Erin Cech was in a cafe in Cape Town and when she got her coffee, the cup read: ‘Passionately made by [barista’s name]’.
“They couldn’t just offer customer service by making a good latte. They had to perform it in such a way that demonstrated their love and passion for coffee,” says Cech, who is a sociologist, Associate Professor at the University of Michigan and author of The Trouble with Passion: How Searching for Fulfilment at Work Fosters Inequality.
“[There was] a different level of expectation around the emotional labour of the work.”
While passionate workers are seemingly a positive addition to any workplace, they can also pose significant risks from a wellbeing perspective, especially when passion-fuelled motivation is perpetuated by employers. Part of this risk comes down to the fact that our work is often so closely aligned with our sense of identity.
“There’s a sense that we have to have a self-reflexive project in our lives – that our lives are a narrative we’re crafting, telling the story of who we are, as though it was the narrative arc of a movie. As part of that, people often draw on what they do for a job,” says Cech.
“As we’ve moved from a religiously oriented society, where community-based organisations tied people to a sense of community-based self, we’re now in a post-industrial, capitalist society. We don’t have those same traditional anchors for who we’re supposed to be.”
This is why so many of us go in search of a professional calling; it’s linked with our desire to belong to something larger than ourselves.
“This is clearly reflected in the fact that when we ask small children, ‘What do you want to be when you grow up?’, the answer is a job,” says Cech. “They’re not saying, ‘I want to be a good community member,’ or ‘I want to be kind.’ There’s this deep centrality of what we’re doing in paid employment for our sense of identity.”
Read HRM’s article on managing passion fatigue in employees.
Over-reliance on passionate workers
Passion comes out of three interrelated things, says Cech:
- The intellectual connection to the work – finding it fascinating or interesting.
- Affective emotional attachment – finding love, joy or excitement from the work.
- A sense of a biographical fit or match with one’s unique sense of personhood. “For example, they might say, ‘I grew up playing with Lego and that led me to be passionate about being an engineer.'”
She also notes that the rise of the gig economy is perpetuating these behaviours, as you can “hustle on the side” until you can make that hustle your full-time gig.
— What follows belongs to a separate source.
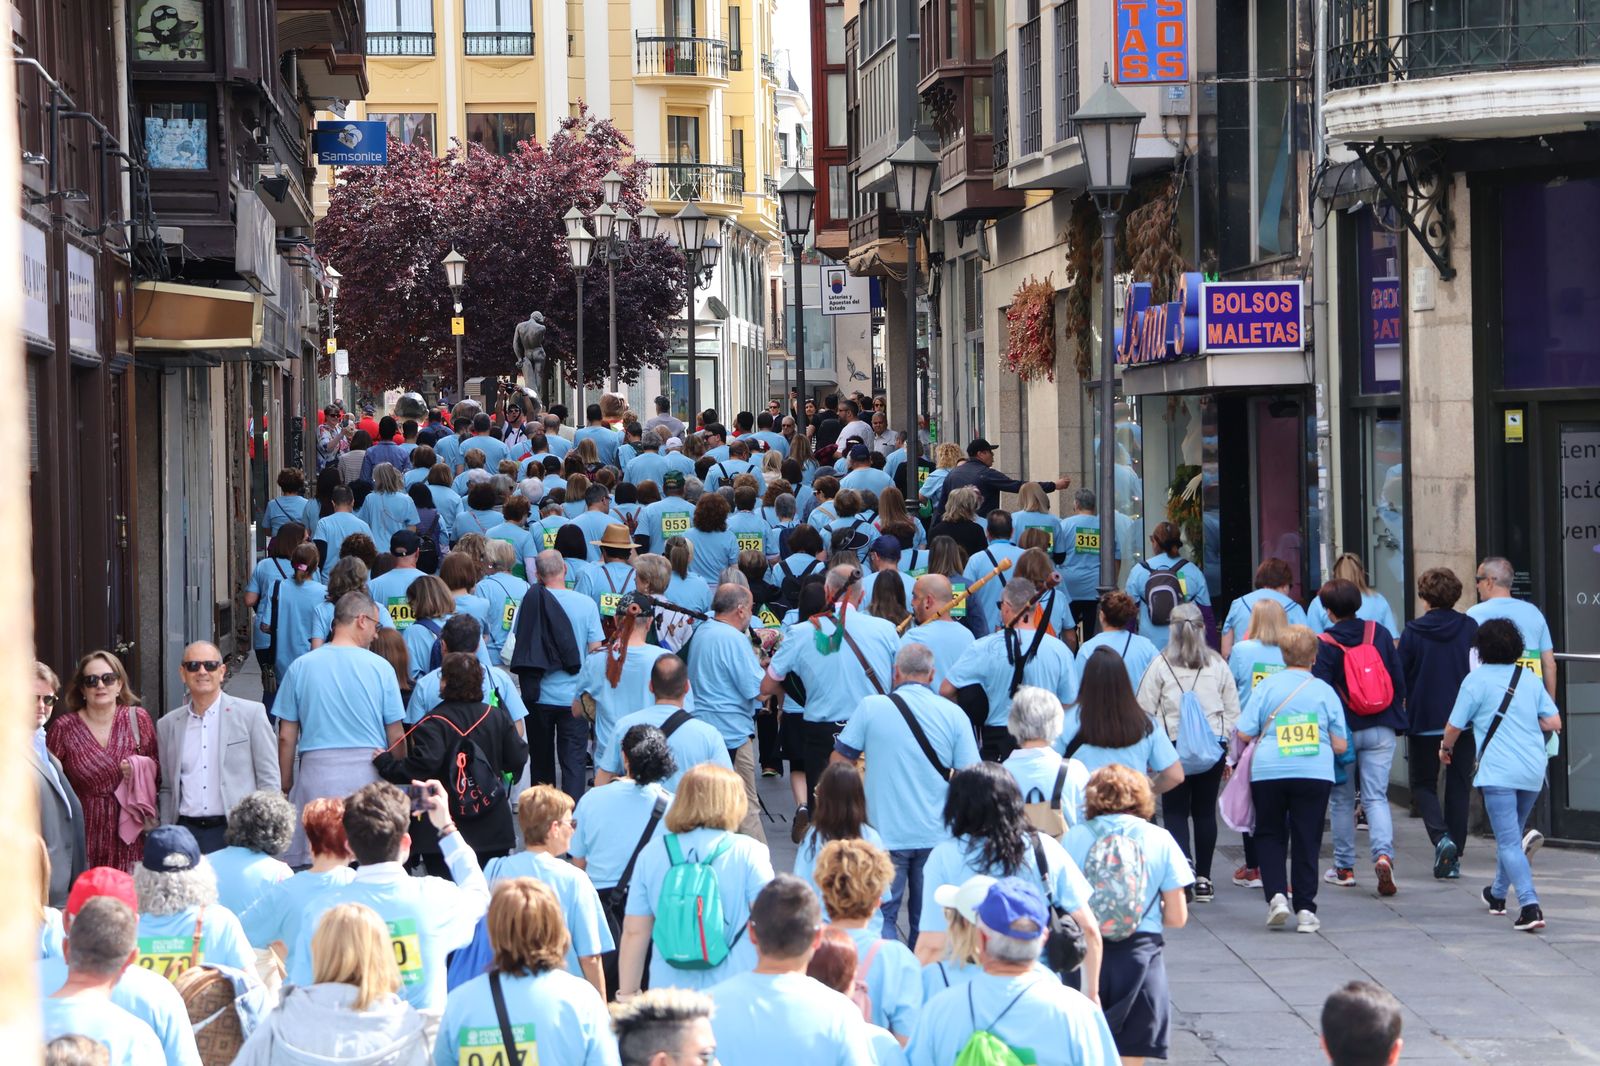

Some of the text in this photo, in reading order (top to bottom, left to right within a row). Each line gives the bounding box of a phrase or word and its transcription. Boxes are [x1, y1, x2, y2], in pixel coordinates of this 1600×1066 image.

“In the last 10 or 15 years, that has been amplified. In the US specifically, but [also] in the broader post-industrial labour market, [there’s a sense of] complacency with the gig economy – as if those are employment circumstances that people are making a choice to be part of because they’re passionate about it.
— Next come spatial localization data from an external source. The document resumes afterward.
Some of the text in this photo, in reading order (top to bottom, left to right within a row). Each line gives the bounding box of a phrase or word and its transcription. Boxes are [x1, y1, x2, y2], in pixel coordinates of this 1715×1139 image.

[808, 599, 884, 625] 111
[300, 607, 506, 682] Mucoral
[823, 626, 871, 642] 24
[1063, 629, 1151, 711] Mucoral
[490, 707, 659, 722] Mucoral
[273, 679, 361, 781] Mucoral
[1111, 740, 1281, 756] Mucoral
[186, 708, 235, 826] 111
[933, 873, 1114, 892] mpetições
“In the broader labour market, there is a reliance on people following their passion… that allows for a cloaking of the deeply troubling nature of the instability and precarity that a lot of workers are increasingly facing.”
Privilege and passion
Although there’s a cultural assumption that you can do anything you’re passionate about as long as you work hard, that’s not a reality for most people. An interesting part of Cech’s research looks into how passion and privilege are interconnected.
“In order to translate something people are passionate about into decently paying, stable employment, [people] usually need to have two things. One is safety nets; these are sort of economic safety nets, maybe parents who can help them pay the bills when they take an unpaid internship.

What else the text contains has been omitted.